Provided entries: Begin
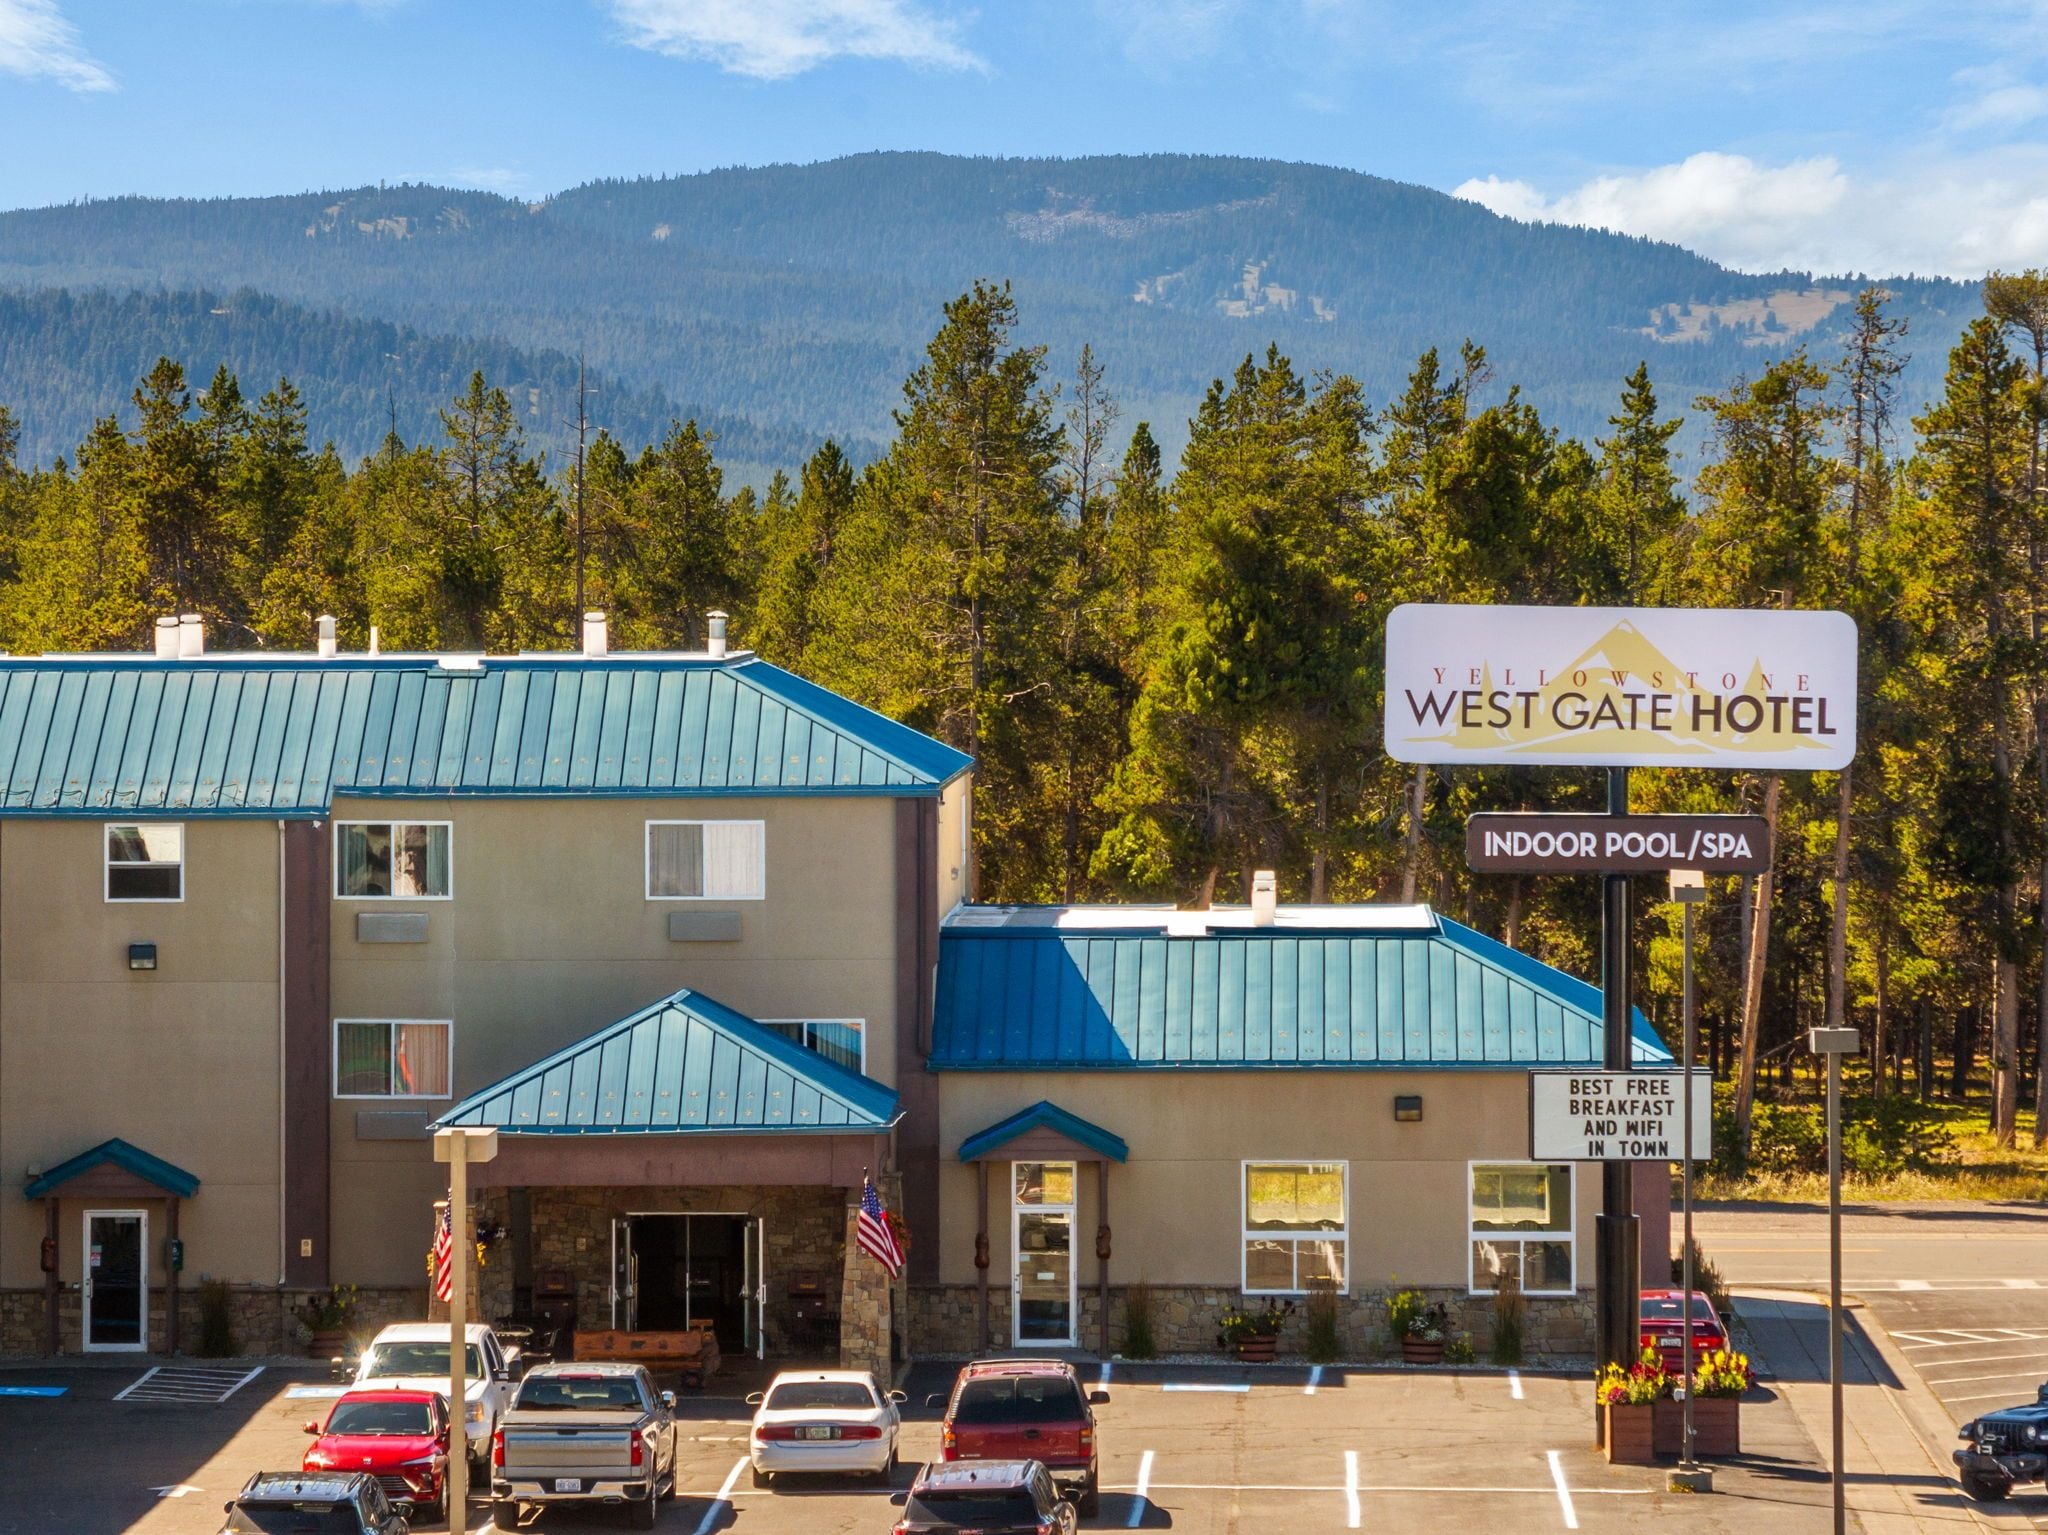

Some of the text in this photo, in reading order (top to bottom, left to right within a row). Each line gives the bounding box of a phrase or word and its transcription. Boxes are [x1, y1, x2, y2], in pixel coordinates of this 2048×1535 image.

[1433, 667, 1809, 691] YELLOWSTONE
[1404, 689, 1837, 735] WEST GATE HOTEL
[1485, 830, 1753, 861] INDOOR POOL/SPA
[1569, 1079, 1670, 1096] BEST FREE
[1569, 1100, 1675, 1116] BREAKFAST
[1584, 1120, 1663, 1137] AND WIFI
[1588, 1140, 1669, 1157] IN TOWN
Provided entries: End
## [Task to carry out]
Every line of the material must be reproduced verbatim; the pictures are to be omitted.

## [Exercise solution]
Some of the text in this photo, in reading order (top to bottom, left to right within a row). Each line gives the bounding box of a phrase or word and its transcription. Boxes are [x1, y1, x2, y2], in pixel coordinates of this 2048×1535 image.

[1433, 667, 1809, 691] YELLOWSTONE
[1404, 689, 1837, 735] WEST GATE HOTEL
[1485, 830, 1753, 861] INDOOR POOL/SPA
[1569, 1079, 1670, 1096] BEST FREE
[1569, 1100, 1675, 1116] BREAKFAST
[1584, 1120, 1663, 1137] AND WIFI
[1588, 1140, 1669, 1157] IN TOWN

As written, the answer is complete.